- _Try it_
Would you write out every entry exactly, but without the pictures?

- _Records to process_
------------------------------------------------

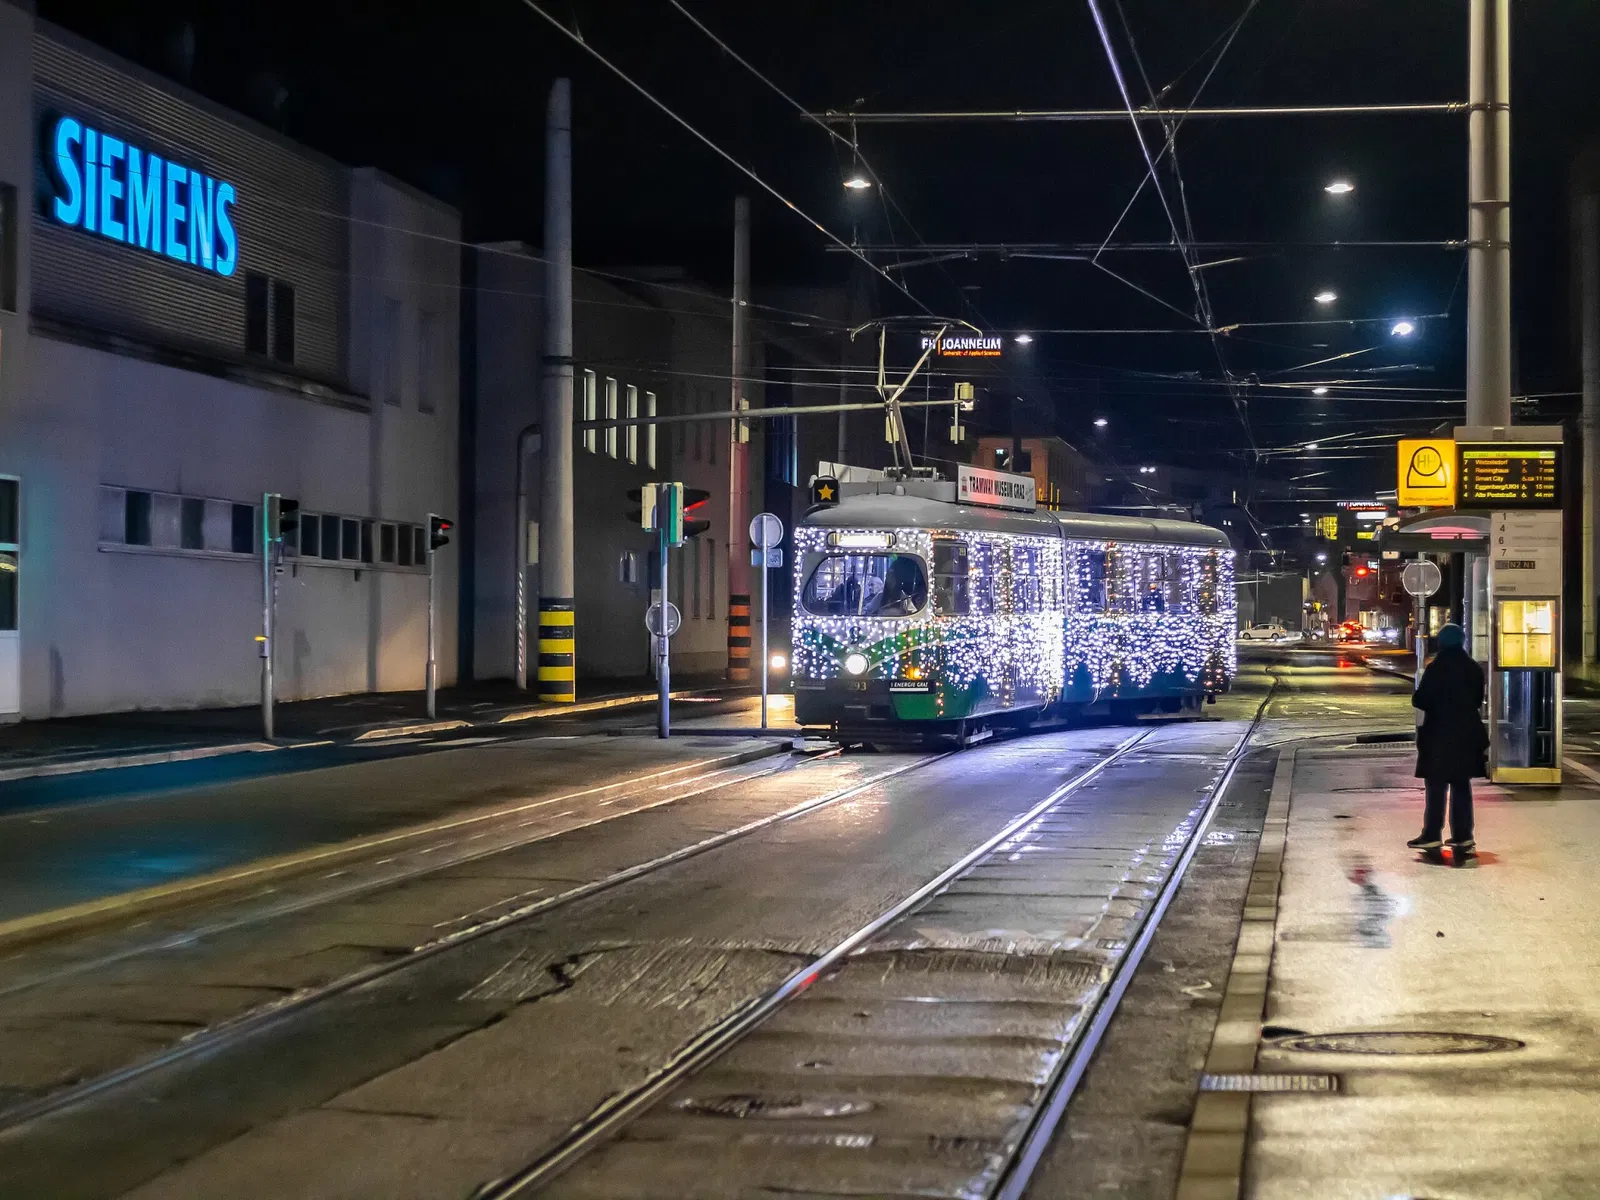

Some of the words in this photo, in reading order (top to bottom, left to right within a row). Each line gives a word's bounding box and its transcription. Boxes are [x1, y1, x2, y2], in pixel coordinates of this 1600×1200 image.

[54, 117, 238, 276] SIEMENS
[922, 338, 936, 350] FH
[942, 338, 1001, 350] JOANNEUM
[969, 476, 993, 495] TRAMWAY
[994, 480, 1013, 498] MUSEUM
[1013, 483, 1025, 499] GRAZ
[1502, 512, 1507, 520] 1
[1500, 524, 1505, 532] 4
[1498, 536, 1504, 544] 6
[1501, 548, 1507, 556] 7

------------------------------------------------

- _Solved problem_
Some of the words in this photo, in reading order (top to bottom, left to right within a row). Each line gives a word's bounding box and its transcription. Boxes are [x1, y1, x2, y2], in pixel coordinates of this 1600×1200 image.

[54, 117, 238, 276] SIEMENS
[922, 338, 936, 350] FH
[942, 338, 1001, 350] JOANNEUM
[969, 476, 993, 495] TRAMWAY
[994, 480, 1013, 498] MUSEUM
[1013, 483, 1025, 499] GRAZ
[1502, 512, 1507, 520] 1
[1500, 524, 1505, 532] 4
[1498, 536, 1504, 544] 6
[1501, 548, 1507, 556] 7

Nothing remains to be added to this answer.